Jamie Dimon has something to dance about.
J.P. Morgan’s earning rose 24% in the second quarter of 2016 from the quarter before. That was better than analysts were expecting. The bank’s revenue from its continuing businesses was up 5% from the previous quarter. Shares of J.P. Morgan were up nearly 2% in pre-market trading to $64.30.
The Big Number: J.P. Morgan (JPM) earned $6.2 billion, or $1.55 a share, in the second quarter of the year. That was better than the $1.43, according to Bloomberg, that analysts were expecting the bank to earn. But the big surprise was the fact that J.P. Morgan’s revenue jumped as well. Many had suspected that continued low interest rates, and the uncertainty around Brexit would translate into lackluster sales for J.P. Morgan and other banks in the quarter. Instead, J.P. Morgan boosted lending by 23% in the quarter, leading to a big revenue surprise.
What it Means: Despite the reasonably healthy economy, the past few quarters have been rough for banks. Low interest rates have meant that banks are bringing in less and less from lending. And with interest rates now looking like they will stay in the gutter, many suspecting banks would continue to struggle. But J.P. Morgan’s earnings suggest that may not be the case, or perhaps won’t be the case for the biggest bank in the nation by assets. At $25.2 billion in revenue for the quarter, J.P. Morgan becomes the first bank in the U.S. to potentially pass the $100 million mark in revenue.

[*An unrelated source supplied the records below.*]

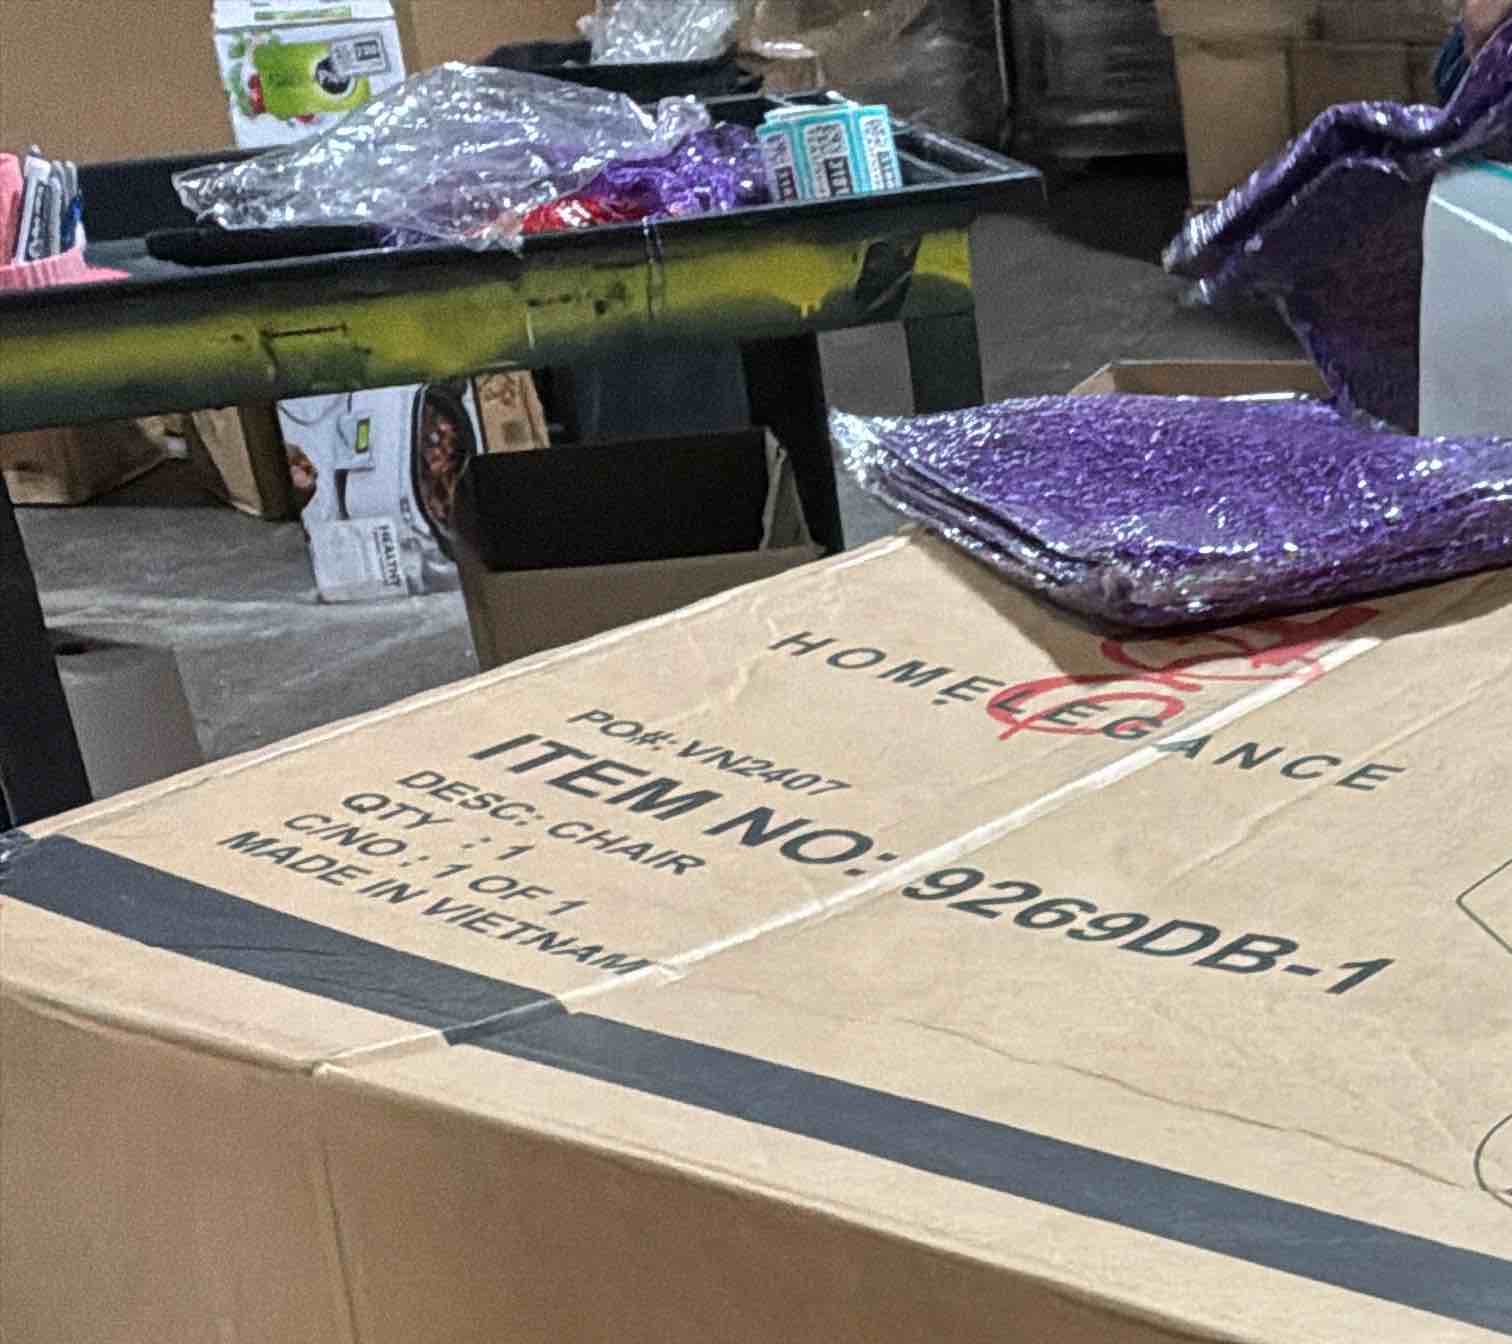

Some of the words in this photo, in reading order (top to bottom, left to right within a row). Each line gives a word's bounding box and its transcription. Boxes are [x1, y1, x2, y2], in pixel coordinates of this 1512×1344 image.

[768, 631, 1405, 791] HOMELEGANCE
[340, 792, 456, 830] QTY
[494, 843, 538, 862] 1
[397, 770, 547, 828] DESC:
[545, 819, 708, 877] CHAIR
[468, 733, 724, 822] ITEM
[702, 806, 899, 877] NO:
[901, 866, 1397, 996] 9269DB-1
[218, 831, 374, 886] MADE
[359, 879, 425, 903] IN
[422, 896, 652, 976] VIETNAM
[432, 864, 468, 880] 1
[468, 875, 558, 901] OF
[553, 899, 591, 919] 1

What You May Have Missed: Despite the good earnings, there was some bad news for J.P. Morgan. The bank increased what it expected to lose from bad loans to $1.4 billion, up from $935 million just three months ago. Most of that increase came from one sector, energy. And with oil prices stabilizing things are likely to get much worse right now. But that’s a big jump, and if it were to continue, or in loan losses were to spread to other sectors it signal a major problem for J.P. Morgan and the economy in general.